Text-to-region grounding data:
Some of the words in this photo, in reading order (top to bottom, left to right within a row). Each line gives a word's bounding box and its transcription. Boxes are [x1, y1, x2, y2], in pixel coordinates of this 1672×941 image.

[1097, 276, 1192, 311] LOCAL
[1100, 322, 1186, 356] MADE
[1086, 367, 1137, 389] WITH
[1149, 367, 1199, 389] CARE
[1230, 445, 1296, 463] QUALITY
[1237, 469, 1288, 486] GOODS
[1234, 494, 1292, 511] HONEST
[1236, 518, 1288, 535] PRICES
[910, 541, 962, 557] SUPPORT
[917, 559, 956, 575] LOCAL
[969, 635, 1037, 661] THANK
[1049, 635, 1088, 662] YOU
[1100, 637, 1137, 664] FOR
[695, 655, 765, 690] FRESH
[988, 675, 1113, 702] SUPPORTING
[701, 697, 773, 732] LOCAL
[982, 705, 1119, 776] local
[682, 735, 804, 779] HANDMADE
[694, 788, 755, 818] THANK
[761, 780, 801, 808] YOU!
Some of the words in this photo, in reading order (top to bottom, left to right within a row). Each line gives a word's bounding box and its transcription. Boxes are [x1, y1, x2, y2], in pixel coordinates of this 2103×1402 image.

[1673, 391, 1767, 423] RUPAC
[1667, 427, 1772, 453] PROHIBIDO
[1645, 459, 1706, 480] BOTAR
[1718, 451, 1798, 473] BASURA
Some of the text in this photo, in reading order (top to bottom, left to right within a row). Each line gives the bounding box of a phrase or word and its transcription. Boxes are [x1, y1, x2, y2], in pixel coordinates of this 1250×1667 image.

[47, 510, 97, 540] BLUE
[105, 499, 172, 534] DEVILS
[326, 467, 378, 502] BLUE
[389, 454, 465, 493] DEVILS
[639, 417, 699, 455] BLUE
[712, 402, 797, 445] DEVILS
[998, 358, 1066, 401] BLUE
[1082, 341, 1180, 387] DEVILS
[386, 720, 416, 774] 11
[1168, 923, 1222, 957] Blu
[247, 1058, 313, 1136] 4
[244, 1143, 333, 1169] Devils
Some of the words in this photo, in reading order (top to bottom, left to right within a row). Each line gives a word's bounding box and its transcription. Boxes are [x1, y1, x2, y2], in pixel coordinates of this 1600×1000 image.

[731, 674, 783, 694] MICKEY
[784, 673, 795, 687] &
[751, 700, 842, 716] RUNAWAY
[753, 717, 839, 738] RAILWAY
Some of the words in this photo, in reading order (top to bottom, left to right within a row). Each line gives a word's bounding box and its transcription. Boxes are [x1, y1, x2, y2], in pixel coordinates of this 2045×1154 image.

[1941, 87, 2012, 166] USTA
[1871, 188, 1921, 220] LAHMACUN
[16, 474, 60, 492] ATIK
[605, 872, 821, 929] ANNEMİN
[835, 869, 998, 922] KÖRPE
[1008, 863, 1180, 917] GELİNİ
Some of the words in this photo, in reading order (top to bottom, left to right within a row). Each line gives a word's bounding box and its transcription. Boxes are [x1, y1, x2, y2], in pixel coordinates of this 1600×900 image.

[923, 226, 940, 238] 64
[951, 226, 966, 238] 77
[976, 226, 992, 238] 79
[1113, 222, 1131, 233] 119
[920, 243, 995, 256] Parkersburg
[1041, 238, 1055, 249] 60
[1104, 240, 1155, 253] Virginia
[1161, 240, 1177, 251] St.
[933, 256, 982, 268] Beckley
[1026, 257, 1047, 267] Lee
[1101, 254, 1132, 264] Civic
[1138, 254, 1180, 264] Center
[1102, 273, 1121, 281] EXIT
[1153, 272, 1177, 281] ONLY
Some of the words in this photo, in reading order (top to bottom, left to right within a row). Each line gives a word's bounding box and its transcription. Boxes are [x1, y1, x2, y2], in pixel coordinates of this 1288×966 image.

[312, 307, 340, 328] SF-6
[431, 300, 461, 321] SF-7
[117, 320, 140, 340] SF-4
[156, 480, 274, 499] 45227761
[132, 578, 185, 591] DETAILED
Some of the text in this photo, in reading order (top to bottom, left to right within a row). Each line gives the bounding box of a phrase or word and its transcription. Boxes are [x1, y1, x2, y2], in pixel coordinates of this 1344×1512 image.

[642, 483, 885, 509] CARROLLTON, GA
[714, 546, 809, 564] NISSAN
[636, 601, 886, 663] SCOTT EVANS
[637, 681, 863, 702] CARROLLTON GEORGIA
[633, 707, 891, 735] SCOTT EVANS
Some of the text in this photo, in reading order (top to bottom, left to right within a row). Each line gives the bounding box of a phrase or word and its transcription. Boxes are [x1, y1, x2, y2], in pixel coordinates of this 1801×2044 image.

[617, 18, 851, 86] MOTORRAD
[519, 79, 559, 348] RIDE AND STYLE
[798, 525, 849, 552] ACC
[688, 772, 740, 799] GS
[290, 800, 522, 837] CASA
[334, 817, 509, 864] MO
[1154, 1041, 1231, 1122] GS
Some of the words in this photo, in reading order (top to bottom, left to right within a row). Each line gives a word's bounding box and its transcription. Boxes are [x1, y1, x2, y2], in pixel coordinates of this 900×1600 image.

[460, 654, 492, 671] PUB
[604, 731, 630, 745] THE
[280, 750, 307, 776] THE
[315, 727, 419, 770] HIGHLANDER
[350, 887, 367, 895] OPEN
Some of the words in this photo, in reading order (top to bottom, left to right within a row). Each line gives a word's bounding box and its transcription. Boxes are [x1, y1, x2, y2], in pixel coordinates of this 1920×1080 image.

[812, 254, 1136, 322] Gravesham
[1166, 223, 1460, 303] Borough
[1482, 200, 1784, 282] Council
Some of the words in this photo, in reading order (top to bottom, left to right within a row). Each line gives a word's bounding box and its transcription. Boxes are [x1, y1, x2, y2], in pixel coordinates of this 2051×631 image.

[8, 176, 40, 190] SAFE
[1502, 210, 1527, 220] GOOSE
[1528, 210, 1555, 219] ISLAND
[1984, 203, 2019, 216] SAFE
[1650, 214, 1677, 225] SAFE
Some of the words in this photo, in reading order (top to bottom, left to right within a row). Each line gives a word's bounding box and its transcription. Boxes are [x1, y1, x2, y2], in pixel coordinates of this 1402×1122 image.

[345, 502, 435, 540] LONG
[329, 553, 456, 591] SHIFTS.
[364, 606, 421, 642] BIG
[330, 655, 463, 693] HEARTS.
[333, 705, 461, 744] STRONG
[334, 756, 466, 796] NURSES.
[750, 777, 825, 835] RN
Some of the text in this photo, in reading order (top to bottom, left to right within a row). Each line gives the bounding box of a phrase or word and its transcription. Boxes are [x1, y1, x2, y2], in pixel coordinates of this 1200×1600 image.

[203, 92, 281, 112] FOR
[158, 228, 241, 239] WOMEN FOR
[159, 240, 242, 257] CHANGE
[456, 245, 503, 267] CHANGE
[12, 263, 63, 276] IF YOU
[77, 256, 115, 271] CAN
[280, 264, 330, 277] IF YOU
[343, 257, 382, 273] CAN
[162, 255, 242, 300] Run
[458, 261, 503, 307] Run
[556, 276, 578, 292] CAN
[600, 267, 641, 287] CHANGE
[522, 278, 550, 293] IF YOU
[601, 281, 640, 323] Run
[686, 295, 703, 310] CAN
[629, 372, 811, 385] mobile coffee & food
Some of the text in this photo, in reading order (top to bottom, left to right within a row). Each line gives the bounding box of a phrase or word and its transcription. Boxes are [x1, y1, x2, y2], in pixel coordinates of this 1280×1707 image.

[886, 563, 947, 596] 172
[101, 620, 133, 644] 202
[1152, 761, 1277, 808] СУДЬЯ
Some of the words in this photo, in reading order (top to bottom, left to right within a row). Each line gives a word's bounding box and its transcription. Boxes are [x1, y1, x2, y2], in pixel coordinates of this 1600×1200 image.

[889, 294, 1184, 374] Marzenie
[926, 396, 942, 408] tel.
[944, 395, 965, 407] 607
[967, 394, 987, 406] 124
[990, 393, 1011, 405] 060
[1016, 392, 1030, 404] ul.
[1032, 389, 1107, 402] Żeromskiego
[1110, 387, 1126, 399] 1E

* **EXERCISE DIRECTIONS**
Copy only the stretch running from the line containing "this 1200×1600 image." to the final line of the entries, both ends included, exactly as it stands.

* **RESPONSE TO THE TASK**
Some of the text in this photo, in reading order (top to bottom, left to right within a row). Each line gives the bounding box of a phrase or word and its transcription. Boxes are [x1, y1, x2, y2], in pixel coordinates of this 1200×1600 image.

[203, 92, 281, 112] FOR
[158, 228, 241, 239] WOMEN FOR
[159, 240, 242, 257] CHANGE
[456, 245, 503, 267] CHANGE
[12, 263, 63, 276] IF YOU
[77, 256, 115, 271] CAN
[280, 264, 330, 277] IF YOU
[343, 257, 382, 273] CAN
[162, 255, 242, 300] Run
[458, 261, 503, 307] Run
[556, 276, 578, 292] CAN
[600, 267, 641, 287] CHANGE
[522, 278, 550, 293] IF YOU
[601, 281, 640, 323] Run
[686, 295, 703, 310] CAN
[629, 372, 811, 385] mobile coffee & food
Some of the text in this photo, in reading order (top to bottom, left to right within a row). Each line gives the bounding box of a phrase or word and its transcription. Boxes are [x1, y1, x2, y2], in pixel coordinates of this 1280×1707 image.

[886, 563, 947, 596] 172
[101, 620, 133, 644] 202
[1152, 761, 1277, 808] СУДЬЯ
Some of the words in this photo, in reading order (top to bottom, left to right within a row). Each line gives a word's bounding box and its transcription. Boxes are [x1, y1, x2, y2], in pixel coordinates of this 1600×1200 image.

[889, 294, 1184, 374] Marzenie
[926, 396, 942, 408] tel.
[944, 395, 965, 407] 607
[967, 394, 987, 406] 124
[990, 393, 1011, 405] 060
[1016, 392, 1030, 404] ul.
[1032, 389, 1107, 402] Żeromskiego
[1110, 387, 1126, 399] 1E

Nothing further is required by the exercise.